TASK BRIEF:
Print all the data that follows exactly, images excluded.
+===+
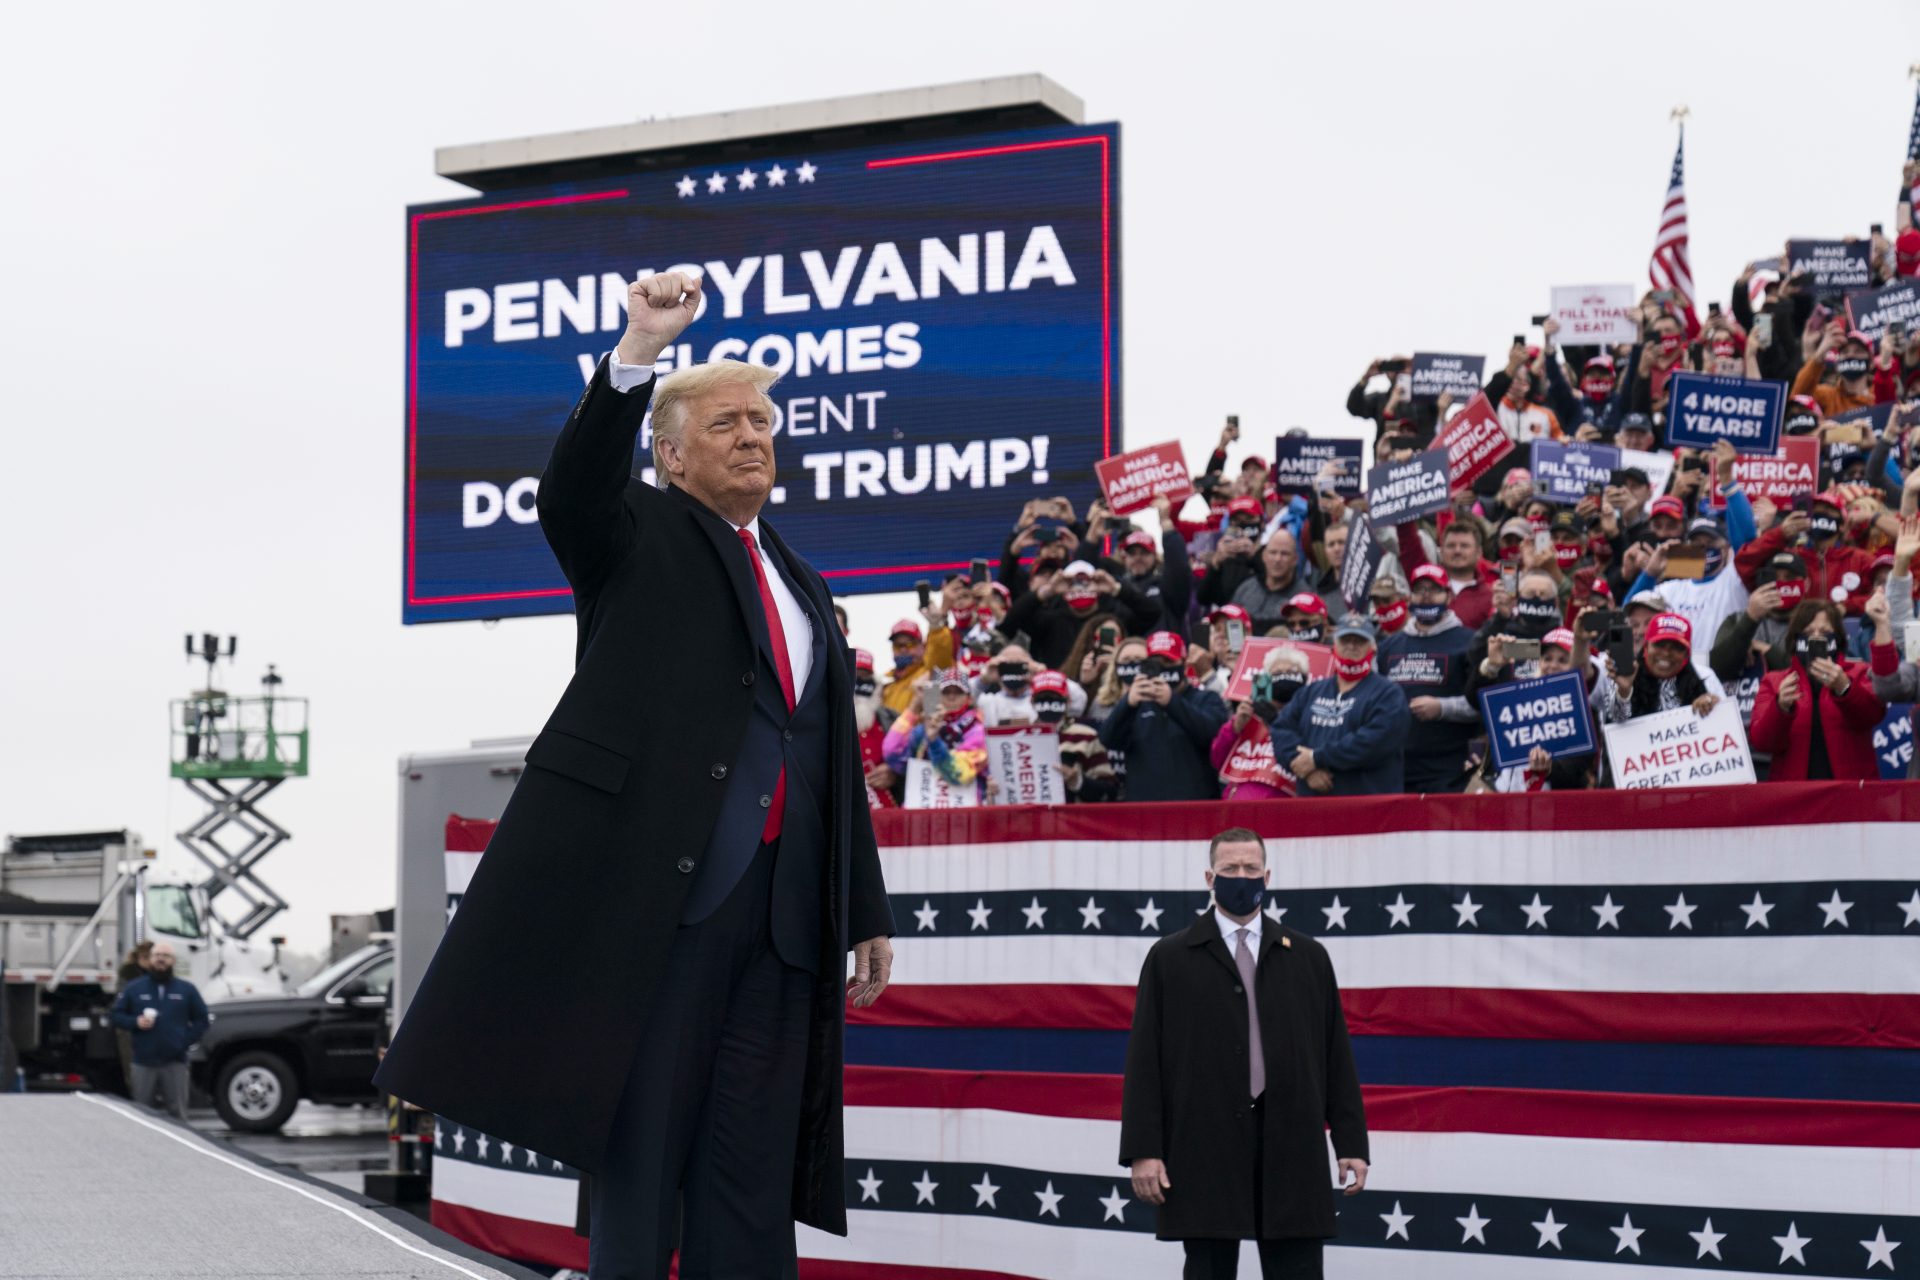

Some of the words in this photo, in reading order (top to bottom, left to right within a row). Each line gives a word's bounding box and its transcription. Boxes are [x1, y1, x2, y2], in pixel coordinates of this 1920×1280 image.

[1813, 246, 1847, 257] MAKE
[1792, 257, 1868, 273] AMERICA
[1832, 273, 1868, 284] AGAIN
[1877, 288, 1916, 308] MAKE
[1559, 308, 1587, 319] FILL
[1574, 321, 1615, 333] SEAT!
[1432, 359, 1462, 370] MAKE
[1413, 369, 1480, 386] AMERICA
[1683, 392, 1698, 410] 4
[1703, 394, 1767, 417] MORE
[1444, 419, 1473, 446] MAKE
[1683, 413, 1762, 438] YEARS!
[1301, 446, 1336, 459] MAKE
[1472, 431, 1505, 464] AGAIN
[802, 435, 1050, 500] TRUMP!
[1124, 453, 1160, 473] MAKE
[1388, 461, 1423, 481] MAKE
[1538, 461, 1571, 478] FILL
[1732, 462, 1814, 481] MERICA
[1109, 461, 1186, 496] AMERICA
[1370, 469, 1447, 506] AMERICA
[1111, 487, 1151, 510] GREAT
[1153, 477, 1189, 495] AGAIN
[1370, 500, 1408, 520] GREAT
[1408, 487, 1448, 508] AGAIN
[1498, 706, 1514, 725] 4
[1516, 693, 1575, 720] MORE
[1504, 717, 1577, 749] YEARS!
[1649, 720, 1700, 744] MAKE
[1873, 729, 1889, 749] 4
[1000, 741, 1015, 784] GREAT
[1623, 733, 1739, 776] AMERICA
[1017, 741, 1037, 804] AMERI
[1626, 768, 1682, 790] GREAT
[1689, 756, 1745, 779] AGAIN
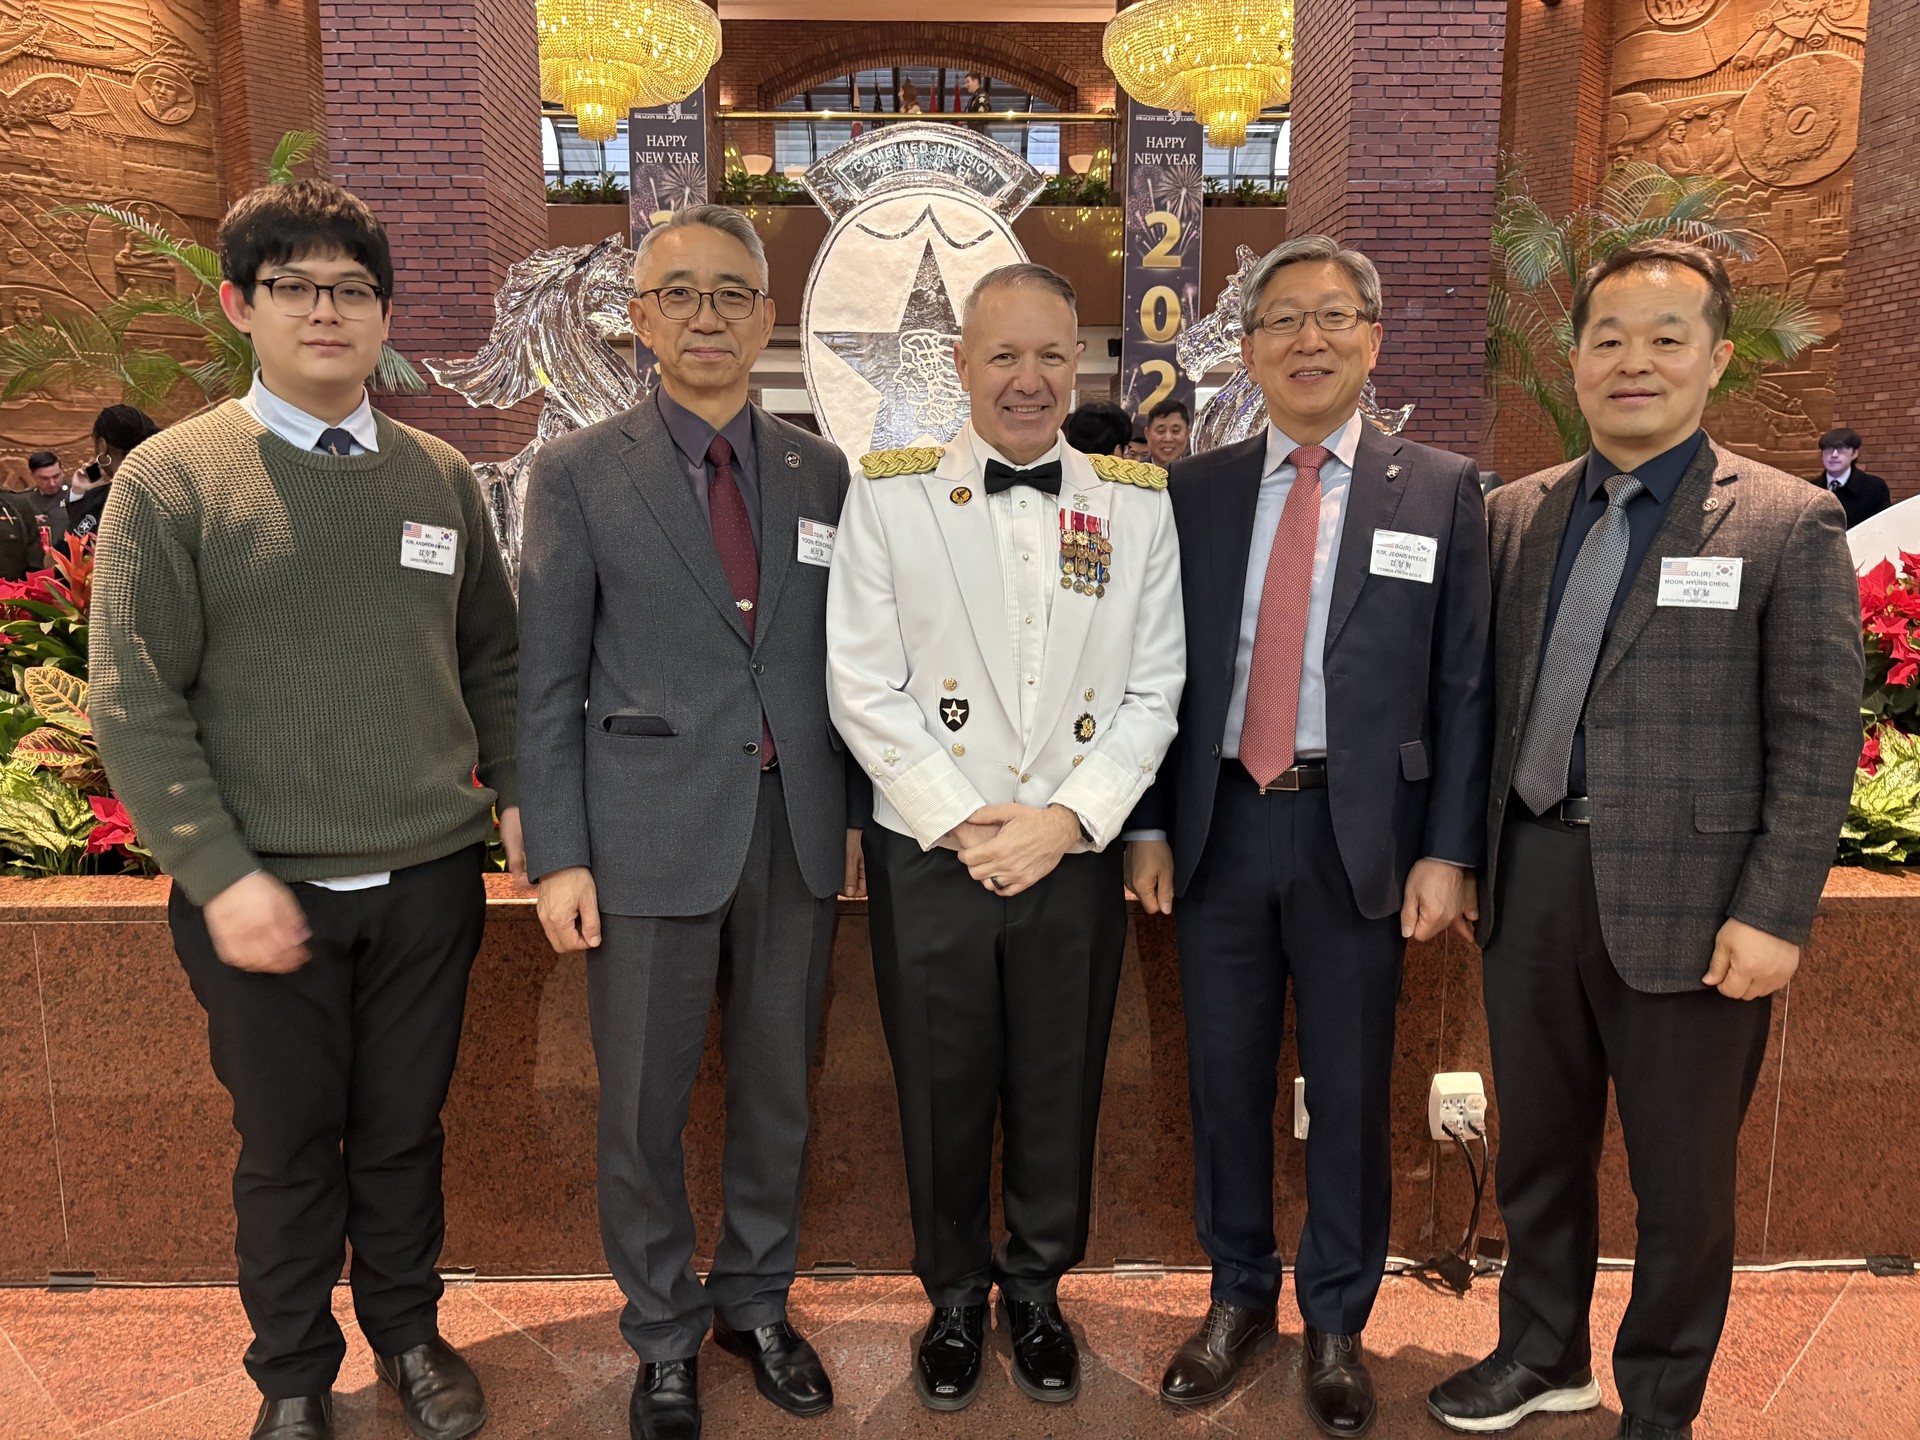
+===+
EXERCISE RESULT:
Some of the words in this photo, in reading order (top to bottom, left to right within a row). Each line gives a word's bounding box and its transcription. Boxes are [x1, y1, x2, y2], in pixel coordinates of this 1920×1280 image.

[1813, 246, 1847, 257] MAKE
[1792, 257, 1868, 273] AMERICA
[1832, 273, 1868, 284] AGAIN
[1877, 288, 1916, 308] MAKE
[1559, 308, 1587, 319] FILL
[1574, 321, 1615, 333] SEAT!
[1432, 359, 1462, 370] MAKE
[1413, 369, 1480, 386] AMERICA
[1683, 392, 1698, 410] 4
[1703, 394, 1767, 417] MORE
[1444, 419, 1473, 446] MAKE
[1683, 413, 1762, 438] YEARS!
[1301, 446, 1336, 459] MAKE
[1472, 431, 1505, 464] AGAIN
[802, 435, 1050, 500] TRUMP!
[1124, 453, 1160, 473] MAKE
[1388, 461, 1423, 481] MAKE
[1538, 461, 1571, 478] FILL
[1732, 462, 1814, 481] MERICA
[1109, 461, 1186, 496] AMERICA
[1370, 469, 1447, 506] AMERICA
[1111, 487, 1151, 510] GREAT
[1153, 477, 1189, 495] AGAIN
[1370, 500, 1408, 520] GREAT
[1408, 487, 1448, 508] AGAIN
[1498, 706, 1514, 725] 4
[1516, 693, 1575, 720] MORE
[1504, 717, 1577, 749] YEARS!
[1649, 720, 1700, 744] MAKE
[1873, 729, 1889, 749] 4
[1000, 741, 1015, 784] GREAT
[1623, 733, 1739, 776] AMERICA
[1017, 741, 1037, 804] AMERI
[1626, 768, 1682, 790] GREAT
[1689, 756, 1745, 779] AGAIN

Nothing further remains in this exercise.